> _What you have to do_: Set the following entries down again exactly, line by line.

☆ ☆ ☆ ☆ ☆ ☆ ☆

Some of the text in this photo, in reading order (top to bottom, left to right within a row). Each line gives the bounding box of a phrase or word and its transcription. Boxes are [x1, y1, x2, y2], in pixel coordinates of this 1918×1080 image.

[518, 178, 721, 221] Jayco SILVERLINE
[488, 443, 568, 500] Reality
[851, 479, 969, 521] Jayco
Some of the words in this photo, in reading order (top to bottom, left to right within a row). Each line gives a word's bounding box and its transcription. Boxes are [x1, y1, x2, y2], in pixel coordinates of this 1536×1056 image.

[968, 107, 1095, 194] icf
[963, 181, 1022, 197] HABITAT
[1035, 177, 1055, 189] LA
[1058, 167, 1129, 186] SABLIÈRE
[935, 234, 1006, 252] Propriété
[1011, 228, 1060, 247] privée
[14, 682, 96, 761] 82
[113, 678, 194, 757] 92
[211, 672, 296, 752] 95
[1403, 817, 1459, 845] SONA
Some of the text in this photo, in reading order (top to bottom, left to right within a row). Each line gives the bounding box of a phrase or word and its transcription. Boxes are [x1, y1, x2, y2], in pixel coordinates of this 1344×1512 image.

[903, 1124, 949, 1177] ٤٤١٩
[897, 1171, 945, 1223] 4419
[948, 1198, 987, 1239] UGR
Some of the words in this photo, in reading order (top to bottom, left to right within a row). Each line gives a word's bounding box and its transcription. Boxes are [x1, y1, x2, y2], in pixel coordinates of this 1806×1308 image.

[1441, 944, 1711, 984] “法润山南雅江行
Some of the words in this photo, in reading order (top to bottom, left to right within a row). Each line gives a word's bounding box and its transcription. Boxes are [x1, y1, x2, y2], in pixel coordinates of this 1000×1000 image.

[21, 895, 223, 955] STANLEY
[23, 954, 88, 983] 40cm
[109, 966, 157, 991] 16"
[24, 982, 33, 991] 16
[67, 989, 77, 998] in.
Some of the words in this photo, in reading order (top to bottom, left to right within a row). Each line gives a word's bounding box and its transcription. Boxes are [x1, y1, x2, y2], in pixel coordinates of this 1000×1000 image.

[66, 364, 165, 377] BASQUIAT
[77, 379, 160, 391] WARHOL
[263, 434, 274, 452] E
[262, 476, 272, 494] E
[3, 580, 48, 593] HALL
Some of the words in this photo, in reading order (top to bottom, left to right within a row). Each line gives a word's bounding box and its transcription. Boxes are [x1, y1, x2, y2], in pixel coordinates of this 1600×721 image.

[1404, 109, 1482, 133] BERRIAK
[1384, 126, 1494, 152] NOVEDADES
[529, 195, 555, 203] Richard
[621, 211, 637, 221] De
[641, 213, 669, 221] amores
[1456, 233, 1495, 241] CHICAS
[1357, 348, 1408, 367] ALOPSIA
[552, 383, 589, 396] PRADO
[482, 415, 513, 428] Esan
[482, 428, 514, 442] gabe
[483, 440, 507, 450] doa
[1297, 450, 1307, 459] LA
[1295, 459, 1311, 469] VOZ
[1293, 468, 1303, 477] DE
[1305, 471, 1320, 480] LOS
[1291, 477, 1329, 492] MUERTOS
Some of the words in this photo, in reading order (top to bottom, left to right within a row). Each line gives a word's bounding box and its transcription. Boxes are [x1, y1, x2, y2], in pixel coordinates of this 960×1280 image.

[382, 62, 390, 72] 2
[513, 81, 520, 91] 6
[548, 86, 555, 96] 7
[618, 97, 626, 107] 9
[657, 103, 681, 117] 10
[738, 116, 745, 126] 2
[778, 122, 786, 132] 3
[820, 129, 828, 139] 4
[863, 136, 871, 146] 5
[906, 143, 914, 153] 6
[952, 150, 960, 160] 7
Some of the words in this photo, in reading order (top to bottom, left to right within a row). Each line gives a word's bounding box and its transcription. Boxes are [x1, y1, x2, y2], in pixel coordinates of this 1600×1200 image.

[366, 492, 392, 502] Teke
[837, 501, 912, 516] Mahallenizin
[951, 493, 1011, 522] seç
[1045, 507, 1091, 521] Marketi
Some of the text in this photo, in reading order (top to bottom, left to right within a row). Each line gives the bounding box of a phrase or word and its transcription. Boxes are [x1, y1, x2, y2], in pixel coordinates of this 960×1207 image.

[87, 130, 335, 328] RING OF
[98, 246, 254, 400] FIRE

☆ ☆ ☆ ☆ ☆ ☆ ☆

> _Response to this task_:
Some of the text in this photo, in reading order (top to bottom, left to right within a row). Each line gives the bounding box of a phrase or word and its transcription. Boxes are [x1, y1, x2, y2], in pixel coordinates of this 1918×1080 image.

[518, 178, 721, 221] Jayco SILVERLINE
[488, 443, 568, 500] Reality
[851, 479, 969, 521] Jayco
Some of the words in this photo, in reading order (top to bottom, left to right within a row). Each line gives a word's bounding box and its transcription. Boxes are [x1, y1, x2, y2], in pixel coordinates of this 1536×1056 image.

[968, 107, 1095, 194] icf
[963, 181, 1022, 197] HABITAT
[1035, 177, 1055, 189] LA
[1058, 167, 1129, 186] SABLIÈRE
[935, 234, 1006, 252] Propriété
[1011, 228, 1060, 247] privée
[14, 682, 96, 761] 82
[113, 678, 194, 757] 92
[211, 672, 296, 752] 95
[1403, 817, 1459, 845] SONA
Some of the text in this photo, in reading order (top to bottom, left to right within a row). Each line gives the bounding box of a phrase or word and its transcription. Boxes are [x1, y1, x2, y2], in pixel coordinates of this 1344×1512 image.

[903, 1124, 949, 1177] ٤٤١٩
[897, 1171, 945, 1223] 4419
[948, 1198, 987, 1239] UGR
Some of the words in this photo, in reading order (top to bottom, left to right within a row). Each line gives a word's bounding box and its transcription. Boxes are [x1, y1, x2, y2], in pixel coordinates of this 1806×1308 image.

[1441, 944, 1711, 984] “法润山南雅江行
Some of the words in this photo, in reading order (top to bottom, left to right within a row). Each line gives a word's bounding box and its transcription. Boxes are [x1, y1, x2, y2], in pixel coordinates of this 1000×1000 image.

[21, 895, 223, 955] STANLEY
[23, 954, 88, 983] 40cm
[109, 966, 157, 991] 16"
[24, 982, 33, 991] 16
[67, 989, 77, 998] in.
Some of the words in this photo, in reading order (top to bottom, left to right within a row). Each line gives a word's bounding box and its transcription. Boxes are [x1, y1, x2, y2], in pixel coordinates of this 1000×1000 image.

[66, 364, 165, 377] BASQUIAT
[77, 379, 160, 391] WARHOL
[263, 434, 274, 452] E
[262, 476, 272, 494] E
[3, 580, 48, 593] HALL
Some of the words in this photo, in reading order (top to bottom, left to right within a row). Each line gives a word's bounding box and its transcription. Boxes are [x1, y1, x2, y2], in pixel coordinates of this 1600×721 image.

[1404, 109, 1482, 133] BERRIAK
[1384, 126, 1494, 152] NOVEDADES
[529, 195, 555, 203] Richard
[621, 211, 637, 221] De
[641, 213, 669, 221] amores
[1456, 233, 1495, 241] CHICAS
[1357, 348, 1408, 367] ALOPSIA
[552, 383, 589, 396] PRADO
[482, 415, 513, 428] Esan
[482, 428, 514, 442] gabe
[483, 440, 507, 450] doa
[1297, 450, 1307, 459] LA
[1295, 459, 1311, 469] VOZ
[1293, 468, 1303, 477] DE
[1305, 471, 1320, 480] LOS
[1291, 477, 1329, 492] MUERTOS
Some of the words in this photo, in reading order (top to bottom, left to right within a row). Each line gives a word's bounding box and its transcription. Boxes are [x1, y1, x2, y2], in pixel coordinates of this 960×1280 image.

[382, 62, 390, 72] 2
[513, 81, 520, 91] 6
[548, 86, 555, 96] 7
[618, 97, 626, 107] 9
[657, 103, 681, 117] 10
[738, 116, 745, 126] 2
[778, 122, 786, 132] 3
[820, 129, 828, 139] 4
[863, 136, 871, 146] 5
[906, 143, 914, 153] 6
[952, 150, 960, 160] 7
Some of the words in this photo, in reading order (top to bottom, left to right within a row). Each line gives a word's bounding box and its transcription. Boxes are [x1, y1, x2, y2], in pixel coordinates of this 1600×1200 image.

[366, 492, 392, 502] Teke
[837, 501, 912, 516] Mahallenizin
[951, 493, 1011, 522] seç
[1045, 507, 1091, 521] Marketi
Some of the text in this photo, in reading order (top to bottom, left to right within a row). Each line gives the bounding box of a phrase or word and its transcription. Boxes are [x1, y1, x2, y2], in pixel coordinates of this 960×1207 image.

[87, 130, 335, 328] RING OF
[98, 246, 254, 400] FIRE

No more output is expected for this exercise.